Best Paying One-Day Job Ever

Photo: brokinhrt2 (Creative Commons)

Those who justify exorbitant levels of CEO pay as functional examples of how markets work will perhaps have a tough time explaining the strange case of Bill Johnson and the Duke Energy Corporation. Johnson signed a contract last week to become Duke’s chief executive upon closure July 2 of a merger with Progress Energy Inc. (which Johnson had previously led). The merger took effect on July 2, and Johnson resigned as CEO at 12:01 am on July 3. A company spokesman says the hasty (to say the least) departure was by “mutual agreement,” and nobody else is talking.

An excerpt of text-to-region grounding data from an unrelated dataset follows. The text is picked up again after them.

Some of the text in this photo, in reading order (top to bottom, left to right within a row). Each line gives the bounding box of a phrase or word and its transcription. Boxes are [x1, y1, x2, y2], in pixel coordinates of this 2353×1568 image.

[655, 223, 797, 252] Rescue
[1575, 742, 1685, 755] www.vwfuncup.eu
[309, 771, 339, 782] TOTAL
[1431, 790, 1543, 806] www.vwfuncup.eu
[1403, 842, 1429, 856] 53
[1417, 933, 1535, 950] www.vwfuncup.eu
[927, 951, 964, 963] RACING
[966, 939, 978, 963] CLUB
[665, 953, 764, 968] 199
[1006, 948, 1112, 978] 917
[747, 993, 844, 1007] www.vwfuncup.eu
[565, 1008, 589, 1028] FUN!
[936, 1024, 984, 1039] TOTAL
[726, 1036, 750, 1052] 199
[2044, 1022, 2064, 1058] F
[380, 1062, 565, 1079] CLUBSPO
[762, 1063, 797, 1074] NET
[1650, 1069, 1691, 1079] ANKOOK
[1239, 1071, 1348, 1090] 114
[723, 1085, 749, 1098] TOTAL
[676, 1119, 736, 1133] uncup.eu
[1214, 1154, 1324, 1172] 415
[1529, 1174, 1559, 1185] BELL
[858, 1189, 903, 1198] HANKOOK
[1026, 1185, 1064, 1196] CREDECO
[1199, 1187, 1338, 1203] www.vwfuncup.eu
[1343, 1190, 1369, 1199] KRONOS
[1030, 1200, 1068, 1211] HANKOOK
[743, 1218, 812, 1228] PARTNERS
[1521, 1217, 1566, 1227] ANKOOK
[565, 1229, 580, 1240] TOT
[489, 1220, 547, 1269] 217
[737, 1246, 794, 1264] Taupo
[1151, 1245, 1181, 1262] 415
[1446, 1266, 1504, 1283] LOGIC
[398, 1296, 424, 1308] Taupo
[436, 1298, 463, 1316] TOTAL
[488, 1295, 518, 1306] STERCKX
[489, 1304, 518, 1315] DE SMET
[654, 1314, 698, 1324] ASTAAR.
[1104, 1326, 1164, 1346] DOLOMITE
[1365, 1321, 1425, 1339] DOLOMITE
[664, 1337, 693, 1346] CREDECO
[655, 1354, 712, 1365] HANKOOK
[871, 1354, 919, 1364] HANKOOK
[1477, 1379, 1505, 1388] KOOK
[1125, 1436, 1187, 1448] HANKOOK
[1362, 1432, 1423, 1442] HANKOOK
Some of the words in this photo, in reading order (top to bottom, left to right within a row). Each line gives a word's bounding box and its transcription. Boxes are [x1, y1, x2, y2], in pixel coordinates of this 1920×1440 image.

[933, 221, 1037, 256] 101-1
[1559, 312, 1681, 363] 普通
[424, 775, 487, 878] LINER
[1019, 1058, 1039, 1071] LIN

But what we do know is that a half a day’s employment can be very, very lucrative. Let’s just quote from the Wall Street Journal‘s account:

Despite his short-lived tenure, Mr. Johnson will receive exit payments worth as much as $44.4 million, according to Duke. That includes $7.4 million in severance, a nearly $1.4 million cash bonus, a special lump-sum payment worth up to $1.5 million and accelerated vesting of his stock awards, according to a Duke regulatory filing Tuesday night. Mr. Johnson gets the lump-sum payment as long as he cooperates with Duke and doesn’t disparage his former employer, the filing said. Under his exit package, Mr. Johnson also will receive approximately $30,000 to reimburse him for relocation expenses.

“As long as he doesn’t disparage his former employer.” That’s precious. Why on earth would he do that? Apologists for executive compensation like to argue that astronomical pay can’t be avoided “because if I don’t pay them, someone else will.” I look forward to their application of this theory to the strange case of Duke Energy and Mr. Johnson.